▽

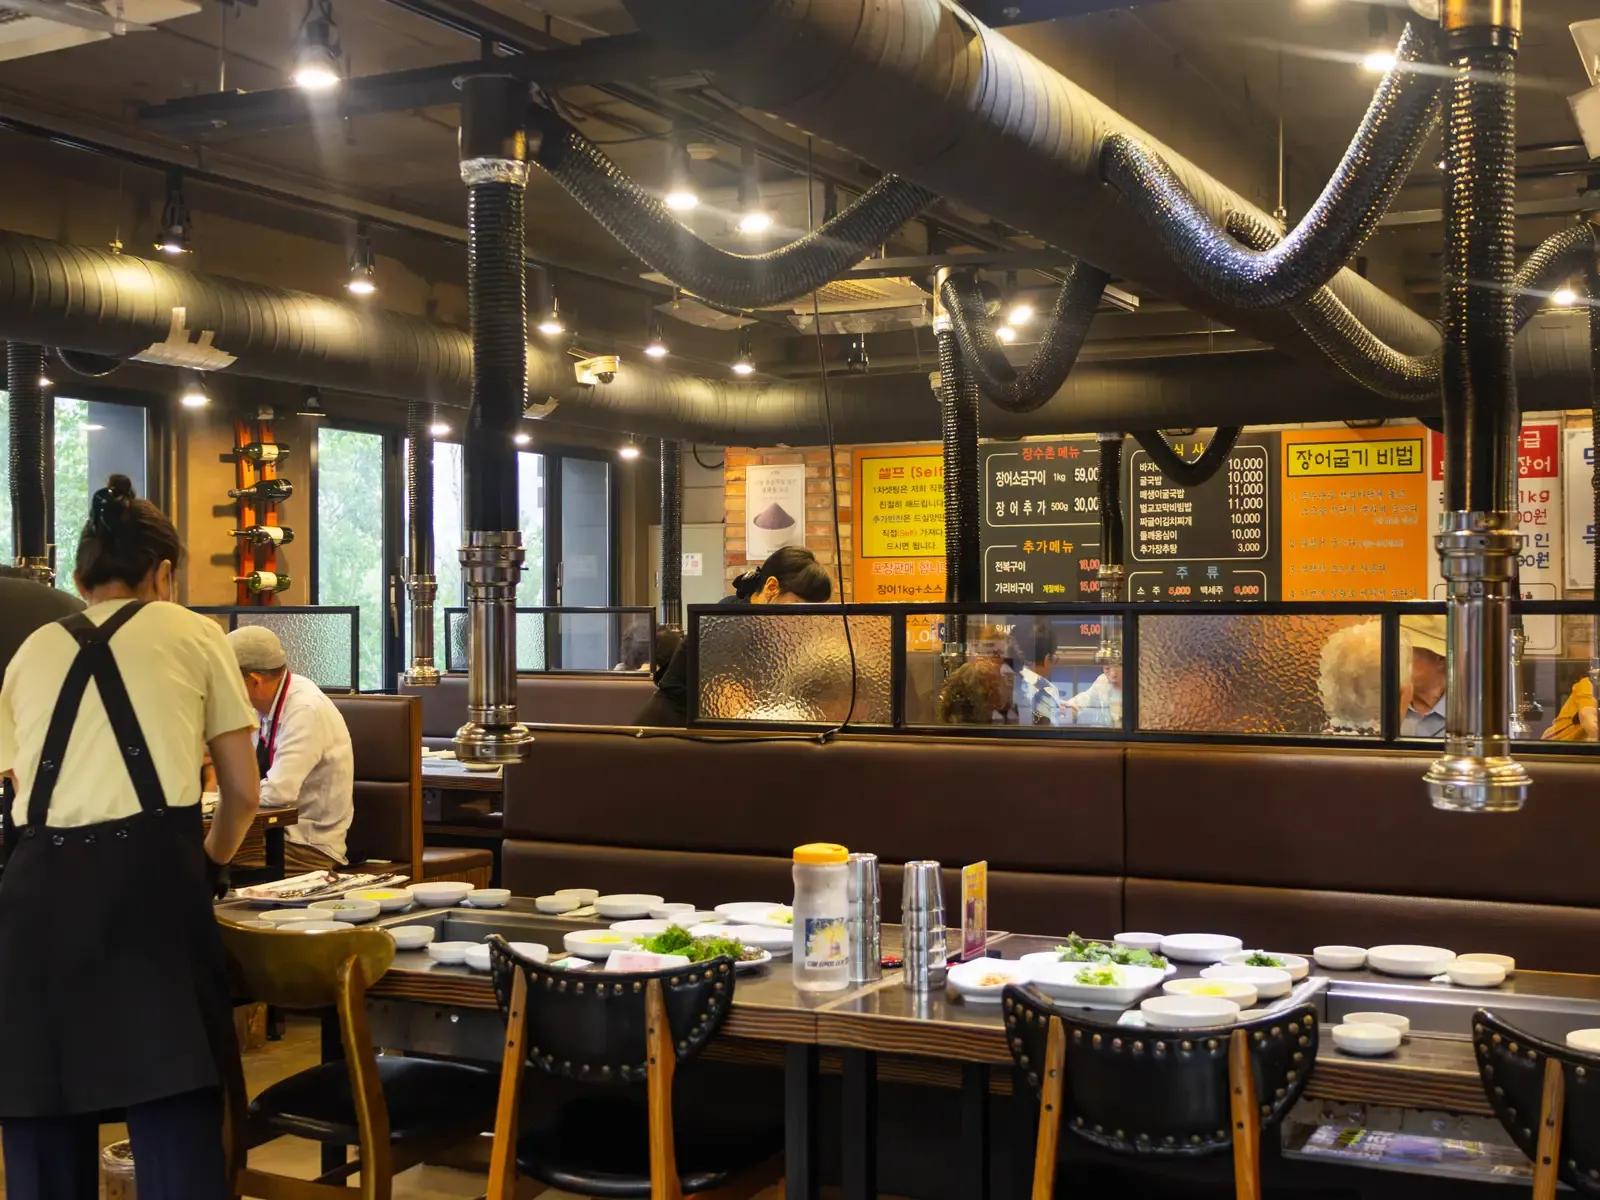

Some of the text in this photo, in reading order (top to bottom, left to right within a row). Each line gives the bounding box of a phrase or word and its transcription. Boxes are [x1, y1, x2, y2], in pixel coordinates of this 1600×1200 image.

[1057, 446, 1080, 459] 메뉴
[1296, 445, 1413, 470] 장어굽기 비법
[1228, 458, 1263, 470] 10,000
[879, 467, 904, 479] 셀프
[995, 470, 1046, 487] 장어소금구이
[1053, 473, 1066, 482] 1kg
[1228, 470, 1263, 483] 10,000
[911, 484, 926, 492] 저희
[1228, 483, 1263, 496] 11,000
[1051, 502, 1068, 512] 500g
[1228, 498, 1263, 510] 11,000
[1231, 513, 1260, 525] 10,000
[1231, 528, 1261, 540] 10,000
[1237, 542, 1260, 552] 3,000
[872, 561, 914, 575] 포장판매
[995, 560, 1026, 572] 전복구이
[995, 582, 1034, 594] 가리비구이

△

● Work instruction: Word-for-word transcript, pictures excluded: copy all the material above.

● Answer space:
Some of the text in this photo, in reading order (top to bottom, left to right within a row). Each line gives the bounding box of a phrase or word and its transcription. Boxes are [x1, y1, x2, y2], in pixel coordinates of this 1600×1200 image.

[1057, 446, 1080, 459] 메뉴
[1296, 445, 1413, 470] 장어굽기 비법
[1228, 458, 1263, 470] 10,000
[879, 467, 904, 479] 셀프
[995, 470, 1046, 487] 장어소금구이
[1053, 473, 1066, 482] 1kg
[1228, 470, 1263, 483] 10,000
[911, 484, 926, 492] 저희
[1228, 483, 1263, 496] 11,000
[1051, 502, 1068, 512] 500g
[1228, 498, 1263, 510] 11,000
[1231, 513, 1260, 525] 10,000
[1231, 528, 1261, 540] 10,000
[1237, 542, 1260, 552] 3,000
[872, 561, 914, 575] 포장판매
[995, 560, 1026, 572] 전복구이
[995, 582, 1034, 594] 가리비구이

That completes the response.